Who needs scripted TV when real-life cliffhangers are as exciting as this?
Though Nicollette Sheridan's trial against Desperate Housewives creator Marc Cherry is winding down, the drama is showing no signs of following suit, and E! News has obtained a voicemail that could shed new information in the case about the actress's termination from the prime-time show.
The voicemail, allegedly left for one of Sheridan's attorneys by a show insider claiming to have been unintentionally privy to sensitive information, is being touted by Nicollette's legal team as proof of a potential cover-up with regards to her allegedly wrongful termination.
Though the message has yet to be heard in court, Sheridan's attorney Mark Baute is trying to get it entered into evidence before the trial ends—which could be as early as tomorrow—as well as get the man on the tape to come in and testify on the stand. Attorneys for both sides have already met with Judge Elizabeth Allen White in her chambers to discuss allowing the voicemail to be admitted in court, though she has yet to rule on the matter.
"This is going to be an interesting day," another of Sheridan's attorneys, Patrick Maloney, told E! News.
As for Cherry's legal eagles, attorney Adam Levin understandably balked at the tape, telling the judge, "We are going down a rabbit hole."
He also told E! News that the voicemail "strikes us as quite odd and Mr. Baute's office didn't even let us know about this until the 11th hour."
Meanwhile, we have learned that White won't make a decision on the tape until this afternoon, telling both sides, "I am sure you will be making lots of phone calls."
So what exactly is on this alleged smoking gun? Listen to it now:
As you can hear, the voicemail was apparently left for Baute by an unnamed male employee on Desperate Housewives, who claims he has been with the show for eight years.
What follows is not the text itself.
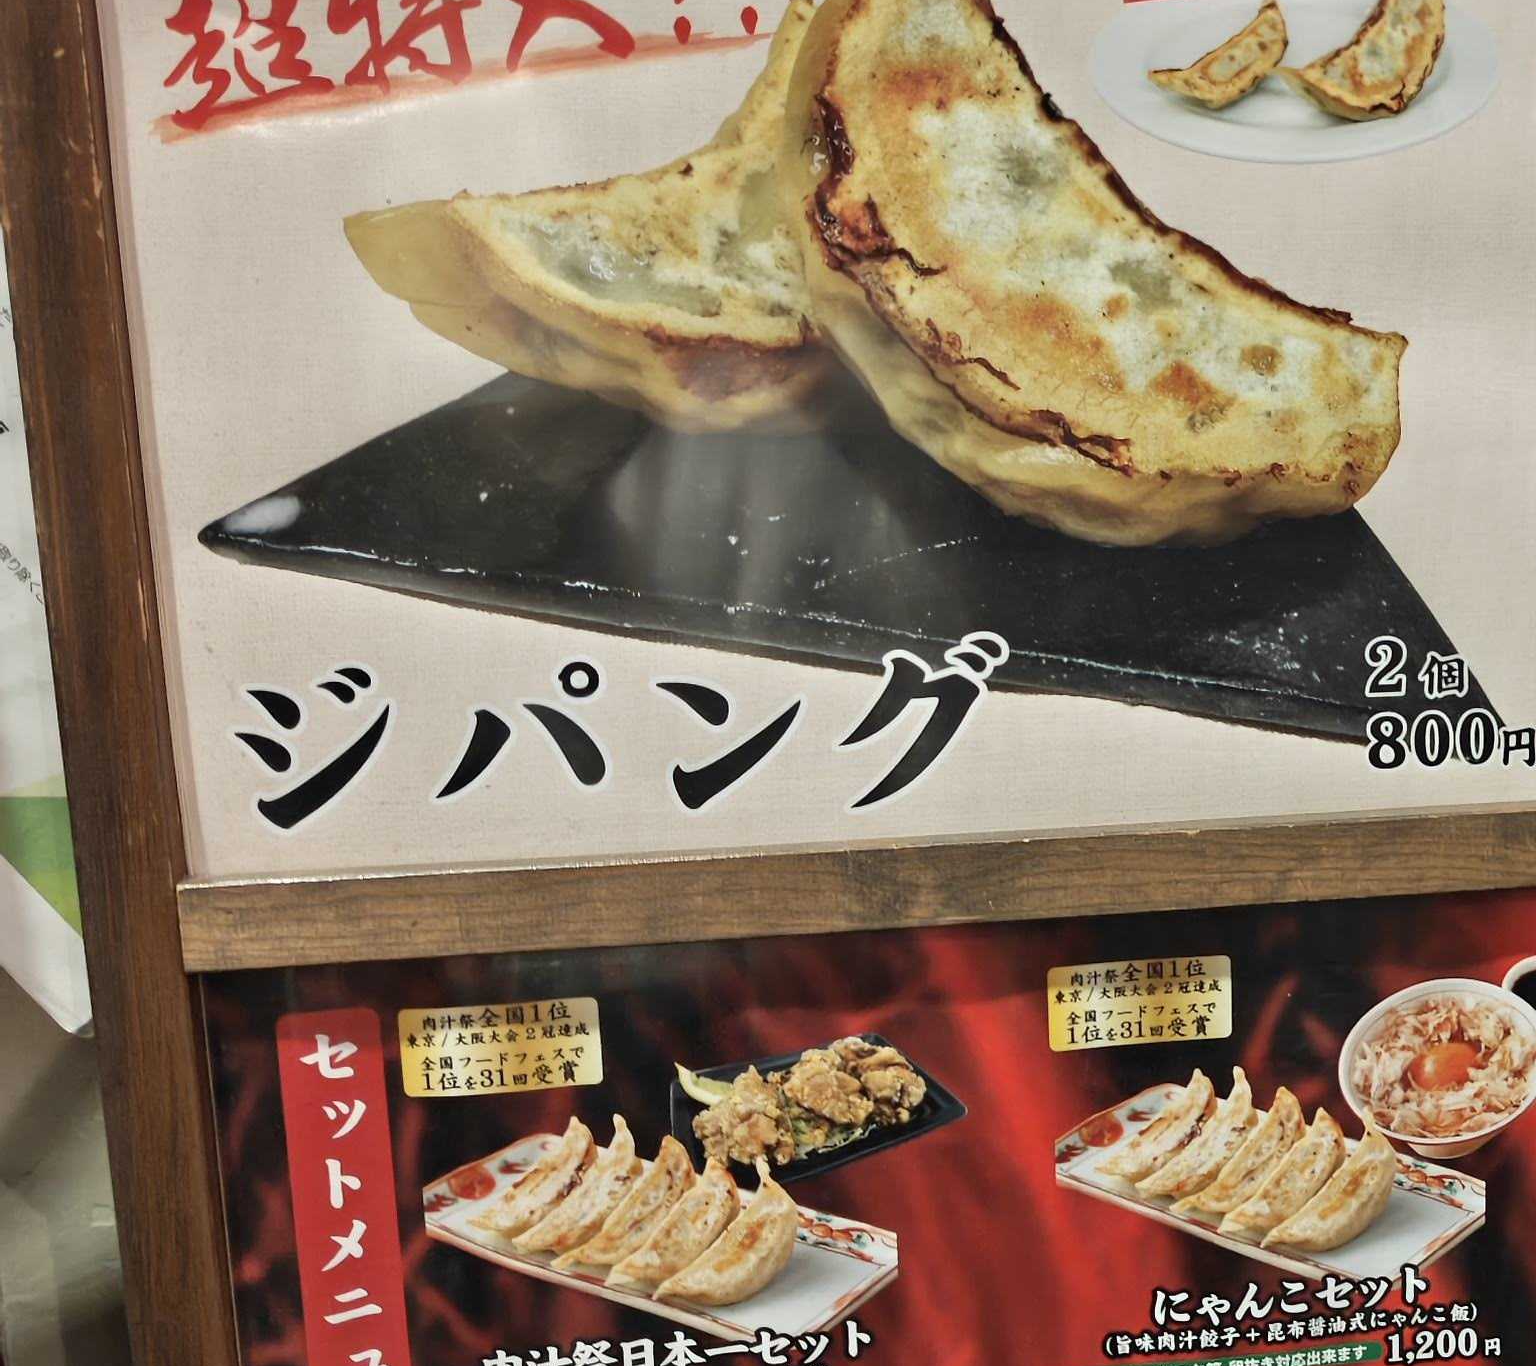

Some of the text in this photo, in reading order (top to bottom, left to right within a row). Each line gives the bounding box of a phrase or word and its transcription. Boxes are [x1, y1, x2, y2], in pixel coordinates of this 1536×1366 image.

"Hi Mark, I'm an employee of Desperate Housewives," the message says. "I received an email soon after Nicollette filed suit; I think it was meant for a much narrower distribution, but it regarded having IT come in and wipe clean the hard drives of the producers in response to the correspondence that they've had, email-wise, about firing Nicollette.
"Um, I think I got it by mistake. I believe they were going to have the Disney IT person come in to do the sweeping of the hard drive…that's about all I know. You obviously can check this number and figure out who I am but I really don't want to get involved."
As famous last words go, those aren't bad. As for when, exactly, the potential life raft of evidence was left and why Sheridan's team waited so long to surface it remain unclear.
"I'm a real low-level employee there and I shouldn't have got that email, I'm on the general email list...See ya."
And maybe sooner than he thinks. As always, watch this space.
UPDATE: There will be a special closed session tomorrow morning that will allow both counsels to speak to the man on the voicemail (if they can actually get in touch with him).
Judge White will then decide if he will be allowed as a witness and if his voicemail and testimony will be admitted into evidence.
In response to the emails referenced in the voicemail, Cherry's attorney Levin said in a statement, "We've presented a number of different witnesses all testifying that the decision to kill Edie Britt was made long before September, 2008. Today's antics by the plaintiff, conjuring up mysterious emails, appears to be a last ditch effort save to her case. At the 11th hour we saw the plaintiff handing out transcripts and it all seemed very orchestrated."
Additionally, Levin told E! News outside the courtroom, "These mystery emails are a last ditch effort [by Sheridan and her counsel]. I wanna see the emails, because I am not buying it."
Baute said that there is an "85 percent" chance that closing arguments will happen tomorrow afternoon.